A trial court’s findings of fact on a motion to suppress are conclusive on appeal unless the evidence preponderates against them. State v. Odom, 928 S.W.2d 18, 23 (Tenn. 1996); State v. Jones, 802 S.W.2d 221, 223 (Tenn. Crim. App. 1990). Questions about the “credibility of the witnesses, the weight and value of the evidence, and resolution of conflicts in the evidence are matters entrusted to the trial judge as the trier of fact.” Odom, 928 S.W.2d at 23. The prevailing party is entitled to the “strongest legitimate view of the evidence and all reasonable and legitimate inferences that may be drawn from that evidence.” State v. Keith, 978 S.W.2d 861, 864 (Tenn. 1998); see State v. Hicks, 55 S.W.3d 515, 521 (Tenn. 2001).

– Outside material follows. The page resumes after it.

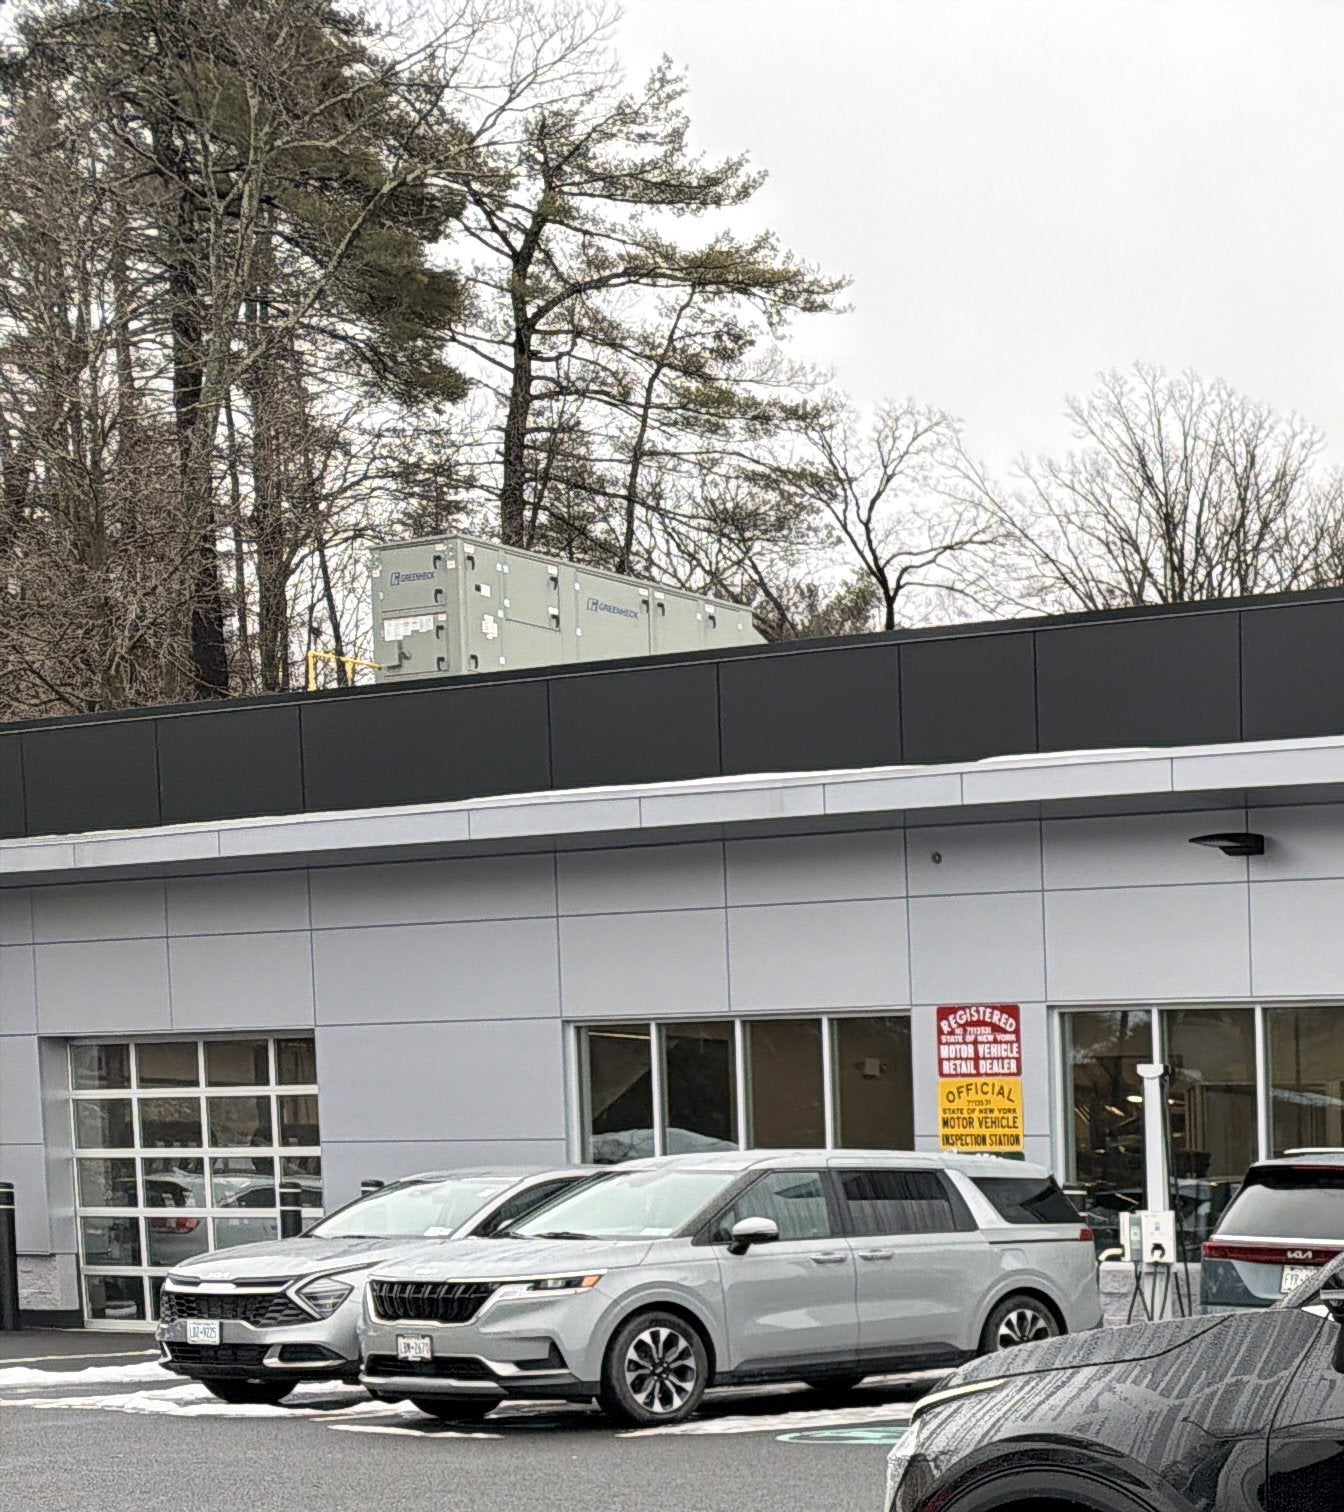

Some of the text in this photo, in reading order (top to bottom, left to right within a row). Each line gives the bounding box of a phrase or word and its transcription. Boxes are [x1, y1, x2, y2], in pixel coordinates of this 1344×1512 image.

A trial court’s application of the law to its factual findings is a question of law and is reviewed de novo on appeal. State v. Yeargan, 958 S.W.2d 626, 629 (Tenn. 1997). In reviewing a trial court’s ruling on a motion to suppress, this court may consider the trial evidence as well as the evidence presented at the suppression hearing.
See State v. Henning, 975 S.W.2d 290, 297-99 (Tenn. 1998); see also State v. Williamson, 368 S.W.3d 468, 473 (Tenn. 2012).
The Fifth Amendment of the United States Constitution, which applies to the states via the Fourteenth Amendment, provides that “no person . . . shall be compelled in any criminal case to be a witness against himself.” U.S. Const. amend. V. Similarly, Article I, section 9 of the Tennessee Constitution states that “in all criminal prosecutions, the accused . . . shall not be compelled to give evidence against himself.” Tenn. Const. Art. I, § 9. To protect an individual’s right against self-incrimination, law enforcement must warn -7- an accused individual before questioning in a custodial interrogation “that he has a right to remain silent, that any statement he does make may be used as evidence against him, and that he has a right to the presence of an attorney, either retained or appointed.” Miranda v. Arizona, 384 U.S. 436, 444 (1966). An accused individual may waive the individual’s Miranda rights if “the waiver is made voluntarily, knowingly, and intelligently.” Id. at 445. To determine if an accused individual’s waiver is valid, the waiver must be “voluntary in the sense that it was the product of a free and deliberate choice rather than intimidation, coercion, or deception” and “made with the full awareness of both the nature of the right being abandoned and the consequences of the decision to abandon it.” State v. McKinney, 669 S.W.3d 753 (Tenn. 2023) (quoting Moran v. Burbine, 475 U.S. 412, 421 (1986).
In determining whether a confession is voluntary, a trial court examines the totality of the circumstances, which encompasses “both the characteristics of the accused and the details of the interrogation.” State v. Climer, 400 S.W.3d 537, 568 (Tenn. 2013) (quoting Dickerson v. United States, 530 U.S. 428, 434 (2000)). The totality of the circumstances test for determining the validity of a Miranda waiver is distinct from determining whether a confession is voluntary. McKinney, 669 S.W.3d at 765. Relevant circumstances include the following: [T]he age of the accused; his lack of education or his intelligence level; the extent of his previous experience with the police; the repeated and prolonged nature of the questioning; the length of the detention of the accused before he gave the statement in question; the lack of any advice to the accused of his constitutional rights; whether there was an unnecessary delay in bringing him before a magistrate before he gave the confession; whether the accused was injured, intoxicated[,] or drugged, or in ill health when he gave the statement; whether the accused was deprived of food, sleep, or medical attention; whether the accused was physically abused; and whether the suspect was threatened with abuse.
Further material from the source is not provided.